3. Subtract tax at (2) from tax a (1) - this gives tax referable to the current benefit.
€118,800 - €115,500 = €3,300

Put in simple English, if you've already exceeded the relevant threshold, the current gift/inheritance will be taxable in full at the applicable rate - in this case the gift of €10k is taxable at 33%.


----------



## Brendan Burgess (11 Jun 2013)

Hi mandelbrot

A great and clear explanation. You should write the Revenue Guides.

Brendan


----------



## zag (11 Jun 2013)

Phew, many thanks.  That's a load off the mind for today.

Cheers,

z


----------



## backothehill (29 Jun 2013)

We, in our fifties, own an apartment in Dublin, that is probably down in value to about €225,000...Should we transfer ownership to one of our adult kids now, thereby avoiding capital acquisitions tax?..It's a rental property, renting well but it is in negative equity.


----------



## Joe_90 (29 Jun 2013)

Should you gift a property in negative equity to your child to avoid tax?  

They might accept the property but a loan in excess of the value?


----------



## backothehill (30 Jun 2013)

Thanks Joe.


----------



## huskerdu (30 Jun 2013)

backothehill said:


> We, in our fifties, own an apartment in Dublin, that is probably down in value to about €225,000...Should we transfer ownership to one of our adult kids now, thereby avoiding capital acquisitions tax?..It's a rental property, renting well but it is in negative equity.




As you mention negative equity , I assume there is a mortgage. You can't sell or give away the apartment without the mortgage being cleared. 

Only way you can transfer ownership, is if you hand over the cash to cover the negative equity, or get a loan to cover it. 

Your son or daughter ( the new owner) will have to apply for a mortgage in their own name, and will only get 92% of the current value of the apartment, assuming that a bank will give them a mortgage for an investment property at all. 

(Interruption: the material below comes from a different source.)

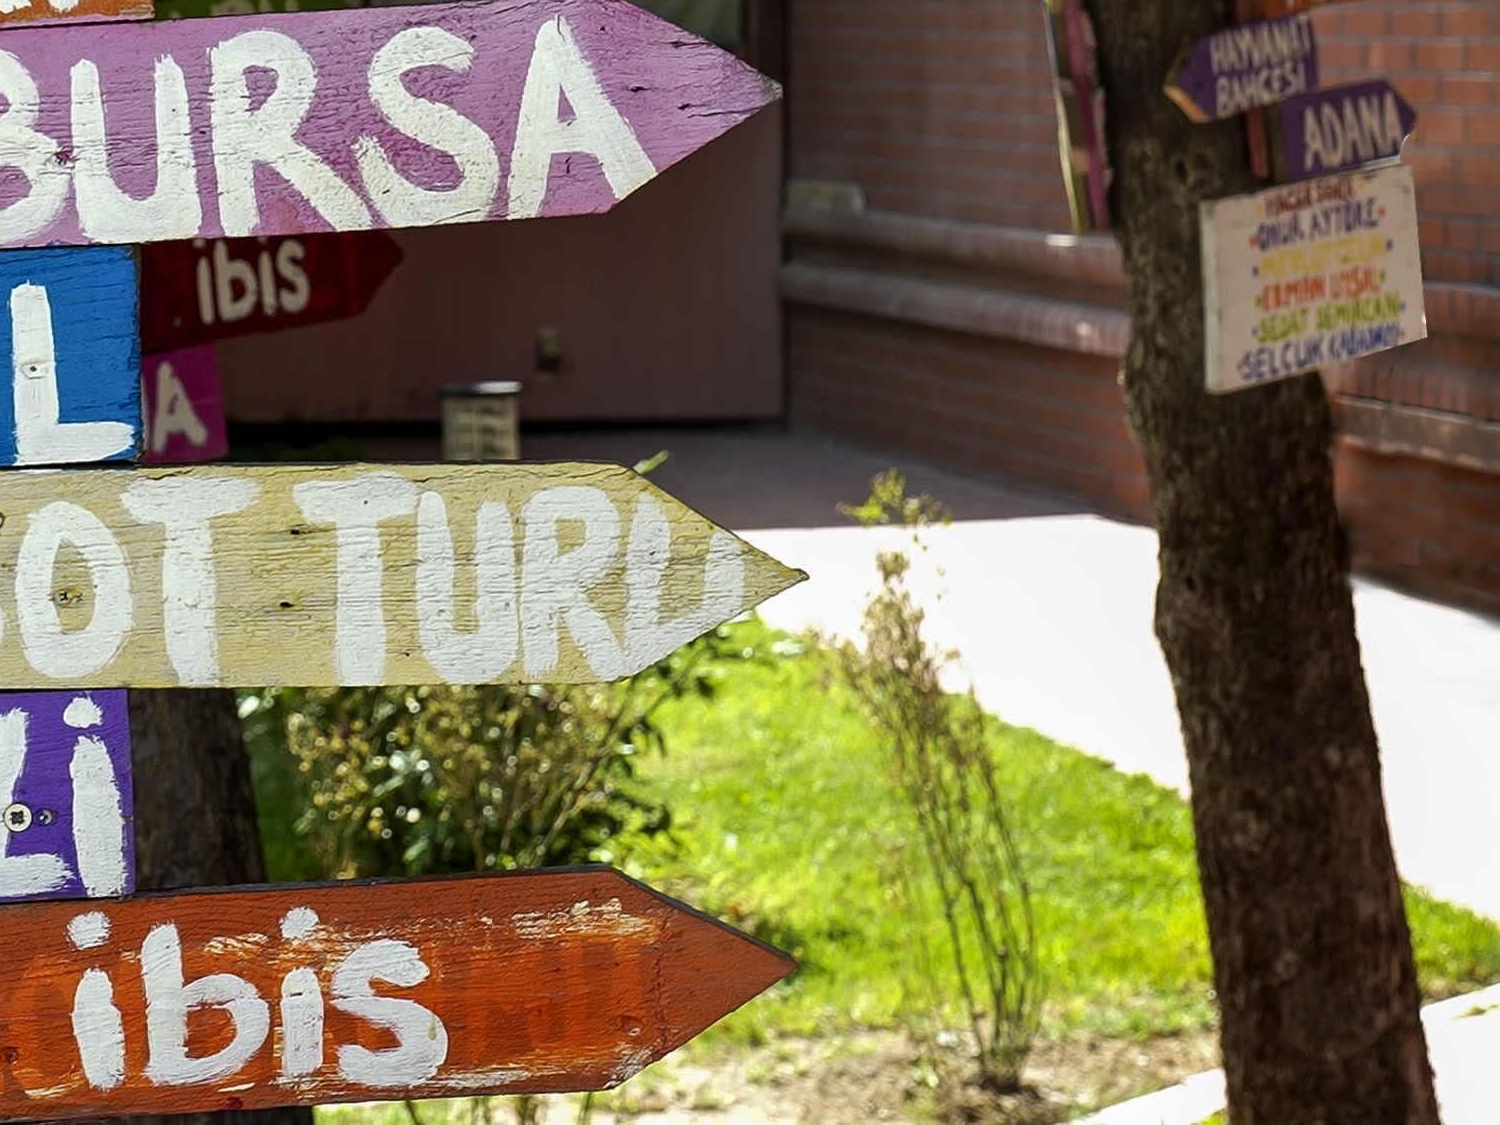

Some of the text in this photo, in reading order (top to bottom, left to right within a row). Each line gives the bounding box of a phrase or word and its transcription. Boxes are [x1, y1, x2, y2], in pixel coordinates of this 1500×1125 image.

[1304, 90, 1400, 170] ADANA
[193, 237, 311, 324] ibis
[294, 471, 746, 686] TURU
[66, 906, 449, 1089] ibis

It sounds to me like the plan will not work at all, and the cost and hassle would not be worth it to minimize the risk of CAT in the future.


----------



## tropicalfish (23 Aug 2013)

Hi. I have a question about CAT. In 2007, my father transferred a property valued at €90k to me. This year he transferred land and property to me valued at €226k. What CAT will I have to pay?


----------



## jpd (24 Aug 2013)

prior benefit|90,000
Current benefit|226,000
Cumulative benefit|316,000
less Threshold|-225,000
Taxable benefit|91,000
Tax rate|33%
Tax due|30,030


----------



## Joe_90 (24 Aug 2013)

Land may qualify for agricultural relief go and get professional advice, it may save you €30k.


----------



## tropicalfish (24 Aug 2013)

Unfortunately the land won't qualify for agricultural relief. I thought that it might not be as high as that after reading what Mandlebrot posted


----------



## tropicalfish (24 Aug 2013)

Unfortunately the land won't qualify for agricultural relief. I thought the amount due might not be so high after reading what Mandelbrot posted.


----------



## Meath Lady (24 Aug 2013)

can a parent gift 3000 to a son/daughter  each year without the reciepient paying tax on it. can the son/daughter receive just one three thousand or can each parent gift them it


----------



## mercman (24 Aug 2013)

AFAIK, every single person is classed as a separate donation. Therefore it's €3000 from each person regardless of relation class.


----------



## Meath Lady (25 Aug 2013)

Thanks Mercman,
So if I understand you correctly both parents could gift their son 3000 euro in the one year and he would not have to pay any tax on it.


----------



## mercman (25 Aug 2013)

That's my take on it. I and my wife have done it between families for years, and my accountants who have been kept fully abreast of the situation have never raised a query.


----------



## Meath Lady (25 Aug 2013)

Sounds good. thanks Mercman


----------